ACTION ITEM
Copy every entry exactly as given, minus the images.

MATERIAL SHOWN
- Opening Delimiter -
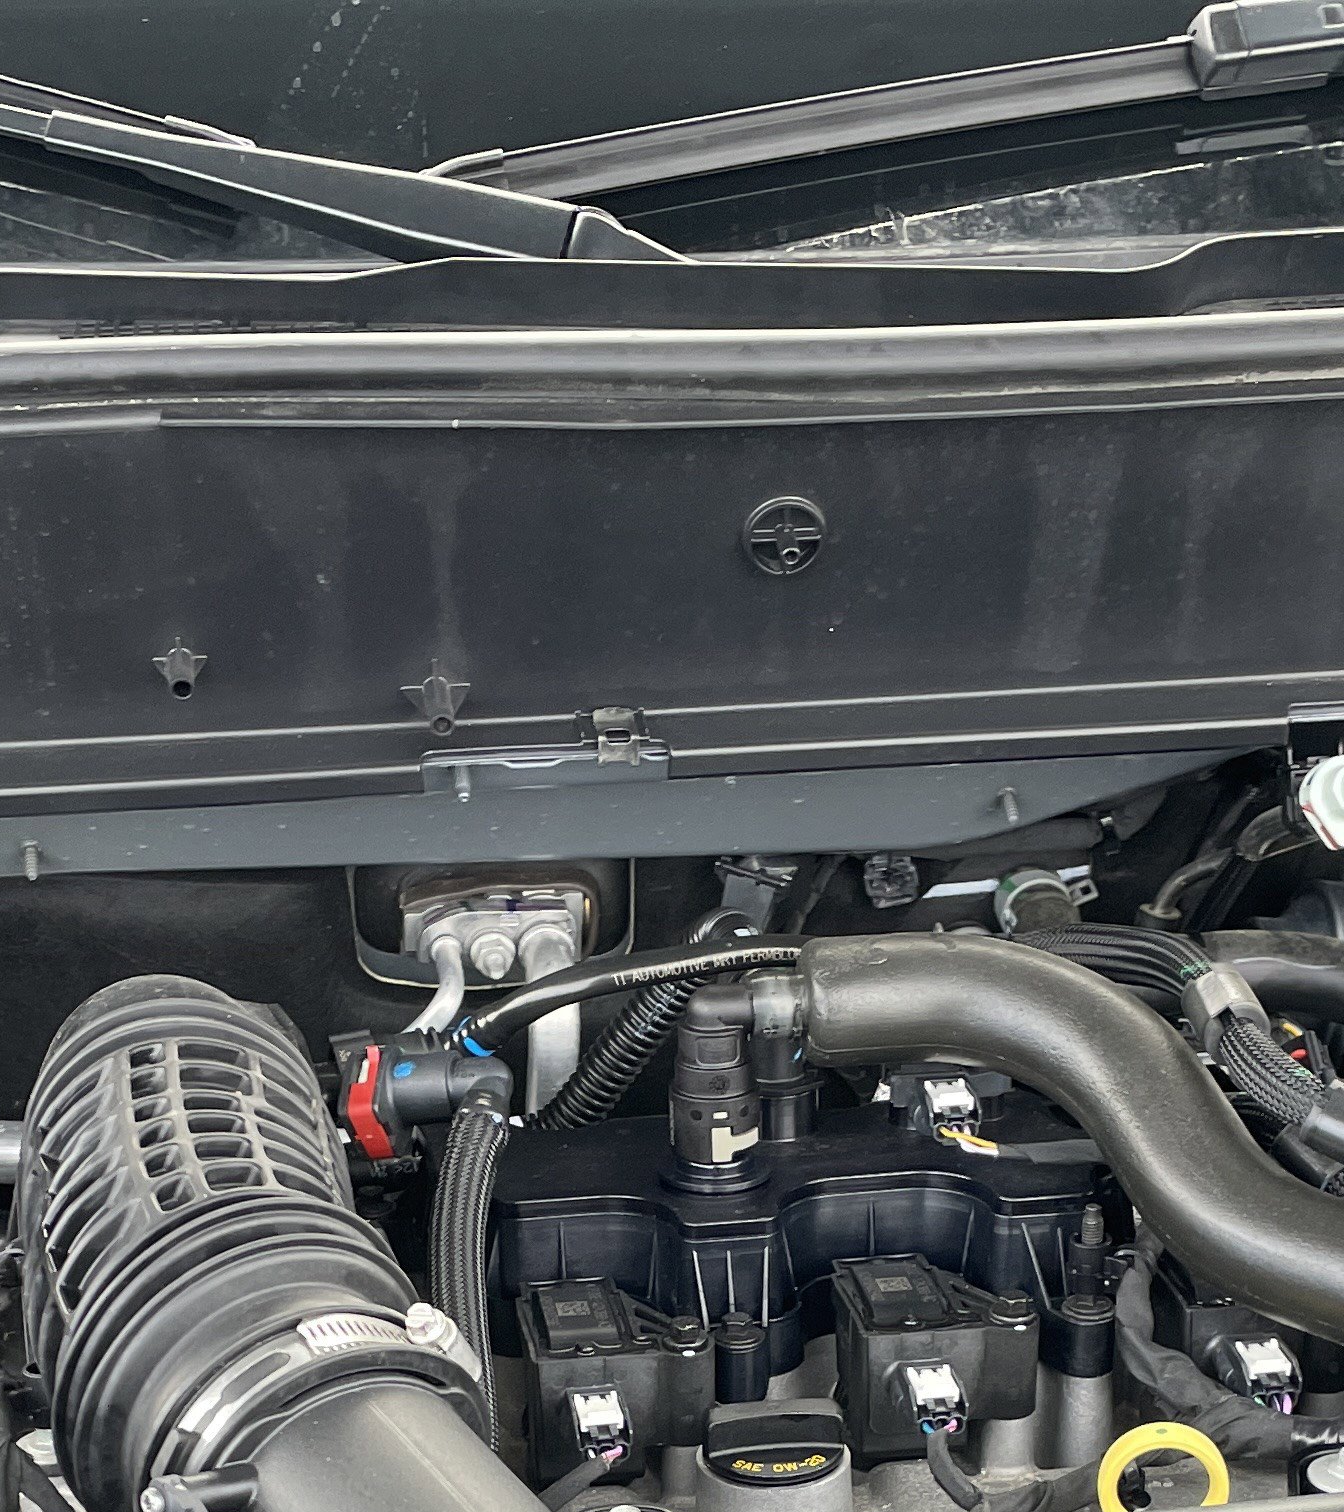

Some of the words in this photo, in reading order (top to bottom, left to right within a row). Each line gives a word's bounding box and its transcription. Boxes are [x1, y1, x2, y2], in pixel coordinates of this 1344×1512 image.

[611, 973, 627, 986] TI
[631, 960, 710, 984] AUTOMOTIVE
[731, 1459, 765, 1473] SAE
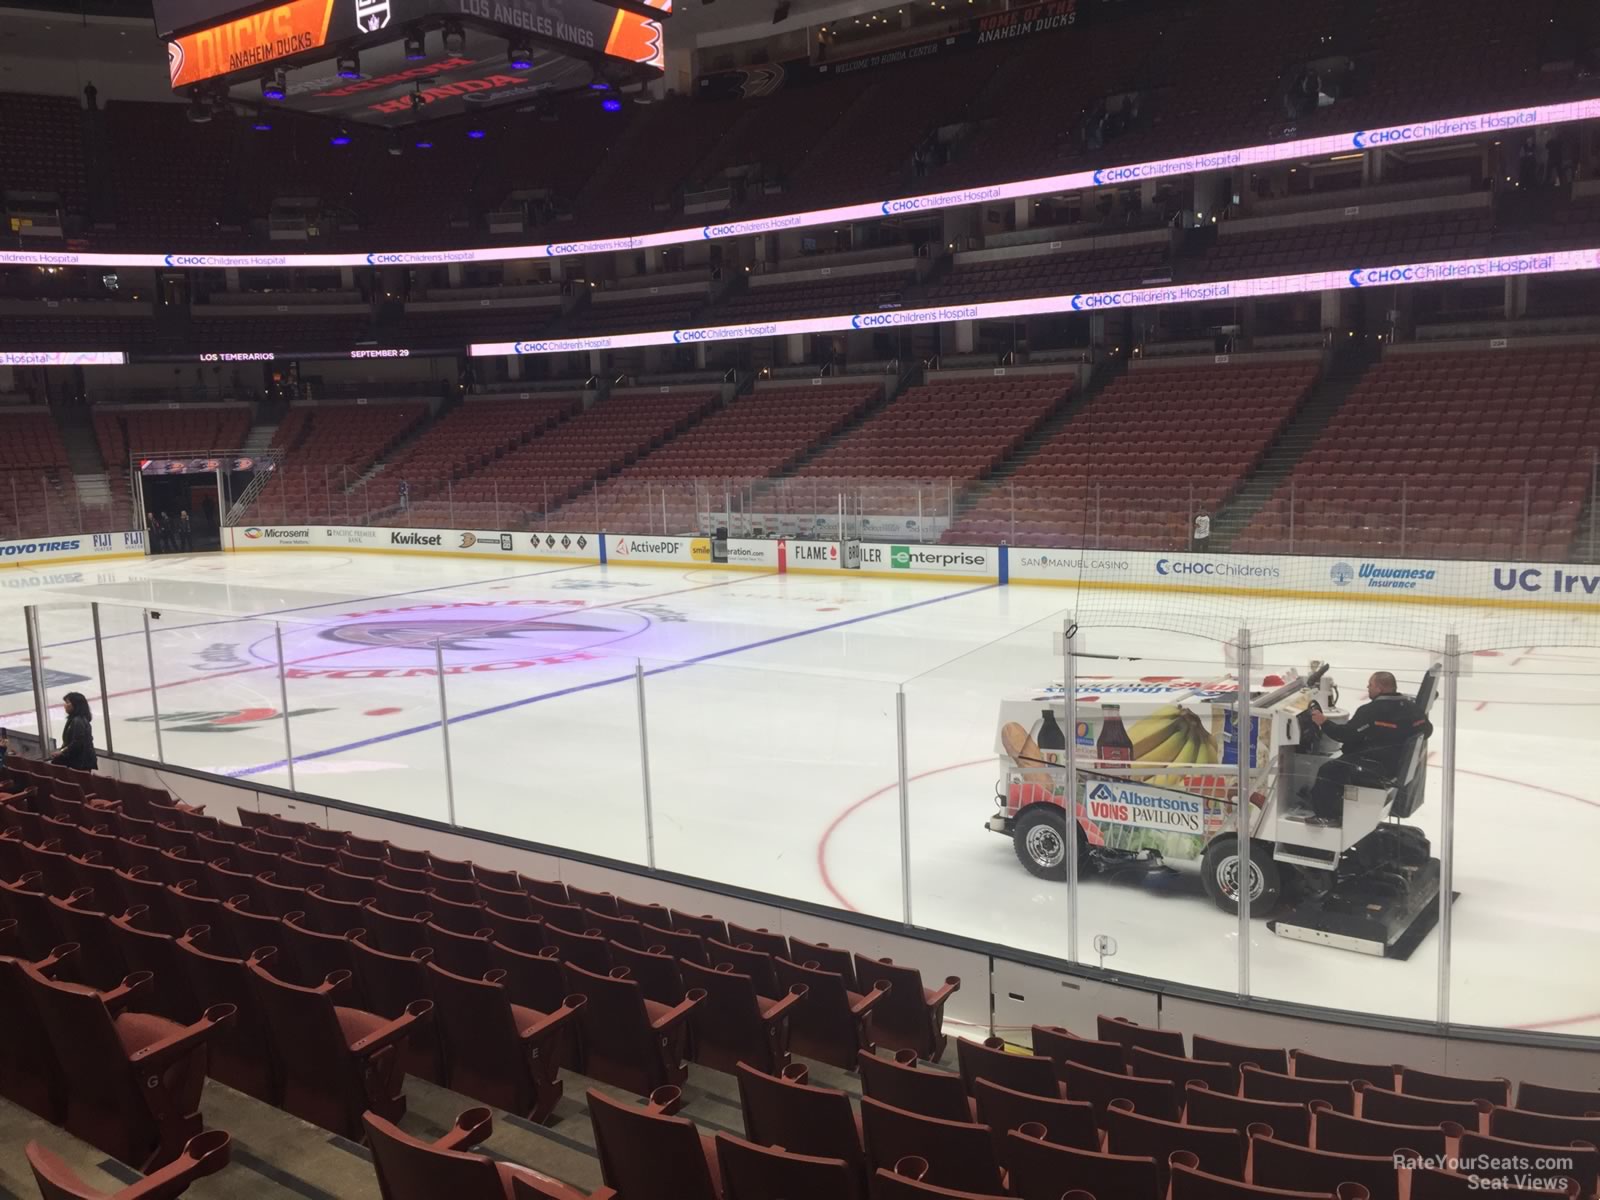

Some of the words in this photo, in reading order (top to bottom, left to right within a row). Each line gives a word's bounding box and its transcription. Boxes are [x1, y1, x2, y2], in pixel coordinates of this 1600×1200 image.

[461, 0, 490, 18] LOS
[494, 3, 553, 36] ANGELES
[556, 22, 594, 48] KINGS
[977, 22, 1032, 44] ANAHEIM
[1035, 12, 1076, 32] DUCKS
[229, 47, 273, 70] ANAHEIM
[277, 32, 312, 56] DUCKS
[368, 74, 528, 113] HONDA
[1370, 128, 1411, 144] CHOC
[1413, 120, 1477, 138] Children's
[1481, 110, 1537, 129] Hospital
[1107, 167, 1140, 181] CHOC
[1141, 161, 1193, 176] Children's
[1195, 153, 1240, 168] Hospital
[892, 199, 919, 211] CHOC
[920, 195, 962, 207] Children's
[964, 188, 1000, 201] Hospital
[712, 225, 734, 236] CHOC
[771, 216, 801, 227] Hospital
[555, 244, 578, 253] CHOC
[39, 254, 79, 264] Hospital
[177, 256, 207, 265] CHOC
[250, 256, 286, 266] Hospital
[377, 254, 403, 263] CHOC
[1367, 268, 1412, 283] CHOC
[1414, 263, 1485, 279] Children's
[1489, 256, 1551, 273] Hospital
[1085, 294, 1121, 307] CHOC
[1122, 290, 1177, 304] Children's
[1180, 284, 1229, 299] Hospital
[863, 314, 892, 326] CHOC
[892, 311, 936, 324] Children's
[939, 307, 977, 319] Hospital
[682, 330, 706, 341] CHOC
[707, 327, 743, 339] Children's
[744, 324, 776, 335] Hospital
[351, 350, 397, 358] SEPTEMBER
[399, 349, 410, 357] 29
[524, 342, 548, 352] CHOC
[6, 354, 49, 364] Hospital
[220, 352, 274, 361] TEMERARIOS
[93, 534, 112, 547] FIJI
[124, 532, 143, 545] FIJI
[264, 528, 309, 538] Microsemi
[391, 531, 442, 546] Kwikset
[0, 544, 36, 556] TOYO
[38, 540, 80, 553] TIRES
[630, 541, 680, 554] ActivePDF
[795, 545, 827, 561] FLAME
[897, 552, 985, 567] enterprise
[1021, 557, 1041, 567] SAN
[1048, 558, 1089, 569] MANUEL
[1091, 560, 1129, 570] CASINO
[1173, 562, 1214, 575] CHOC
[1216, 563, 1280, 578] Children's
[1359, 563, 1436, 580] Wawanesa
[1368, 578, 1416, 589] Insurance
[1494, 567, 1542, 592] UC
[1118, 790, 1199, 813] Albertsons
[1091, 801, 1128, 821] VONS
[1132, 807, 1199, 831] PAVILIONS
[146, 1075, 159, 1089] G
- Closing Delimiter -
EXERCISE OUTPUT
Some of the words in this photo, in reading order (top to bottom, left to right within a row). Each line gives a word's bounding box and its transcription. Boxes are [x1, y1, x2, y2], in pixel coordinates of this 1344×1512 image.

[611, 973, 627, 986] TI
[631, 960, 710, 984] AUTOMOTIVE
[731, 1459, 765, 1473] SAE

Some of the words in this photo, in reading order (top to bottom, left to right within a row). Each line gives a word's bounding box and its transcription. Boxes are [x1, y1, x2, y2], in pixel coordinates of this 1600×1200 image.

[461, 0, 490, 18] LOS
[494, 3, 553, 36] ANGELES
[556, 22, 594, 48] KINGS
[977, 22, 1032, 44] ANAHEIM
[1035, 12, 1076, 32] DUCKS
[229, 47, 273, 70] ANAHEIM
[277, 32, 312, 56] DUCKS
[368, 74, 528, 113] HONDA
[1370, 128, 1411, 144] CHOC
[1413, 120, 1477, 138] Children's
[1481, 110, 1537, 129] Hospital
[1107, 167, 1140, 181] CHOC
[1141, 161, 1193, 176] Children's
[1195, 153, 1240, 168] Hospital
[892, 199, 919, 211] CHOC
[920, 195, 962, 207] Children's
[964, 188, 1000, 201] Hospital
[712, 225, 734, 236] CHOC
[771, 216, 801, 227] Hospital
[555, 244, 578, 253] CHOC
[39, 254, 79, 264] Hospital
[177, 256, 207, 265] CHOC
[250, 256, 286, 266] Hospital
[377, 254, 403, 263] CHOC
[1367, 268, 1412, 283] CHOC
[1414, 263, 1485, 279] Children's
[1489, 256, 1551, 273] Hospital
[1085, 294, 1121, 307] CHOC
[1122, 290, 1177, 304] Children's
[1180, 284, 1229, 299] Hospital
[863, 314, 892, 326] CHOC
[892, 311, 936, 324] Children's
[939, 307, 977, 319] Hospital
[682, 330, 706, 341] CHOC
[707, 327, 743, 339] Children's
[744, 324, 776, 335] Hospital
[351, 350, 397, 358] SEPTEMBER
[399, 349, 410, 357] 29
[524, 342, 548, 352] CHOC
[6, 354, 49, 364] Hospital
[220, 352, 274, 361] TEMERARIOS
[93, 534, 112, 547] FIJI
[124, 532, 143, 545] FIJI
[264, 528, 309, 538] Microsemi
[391, 531, 442, 546] Kwikset
[0, 544, 36, 556] TOYO
[38, 540, 80, 553] TIRES
[630, 541, 680, 554] ActivePDF
[795, 545, 827, 561] FLAME
[897, 552, 985, 567] enterprise
[1021, 557, 1041, 567] SAN
[1048, 558, 1089, 569] MANUEL
[1091, 560, 1129, 570] CASINO
[1173, 562, 1214, 575] CHOC
[1216, 563, 1280, 578] Children's
[1359, 563, 1436, 580] Wawanesa
[1368, 578, 1416, 589] Insurance
[1494, 567, 1542, 592] UC
[1118, 790, 1199, 813] Albertsons
[1091, 801, 1128, 821] VONS
[1132, 807, 1199, 831] PAVILIONS
[146, 1075, 159, 1089] G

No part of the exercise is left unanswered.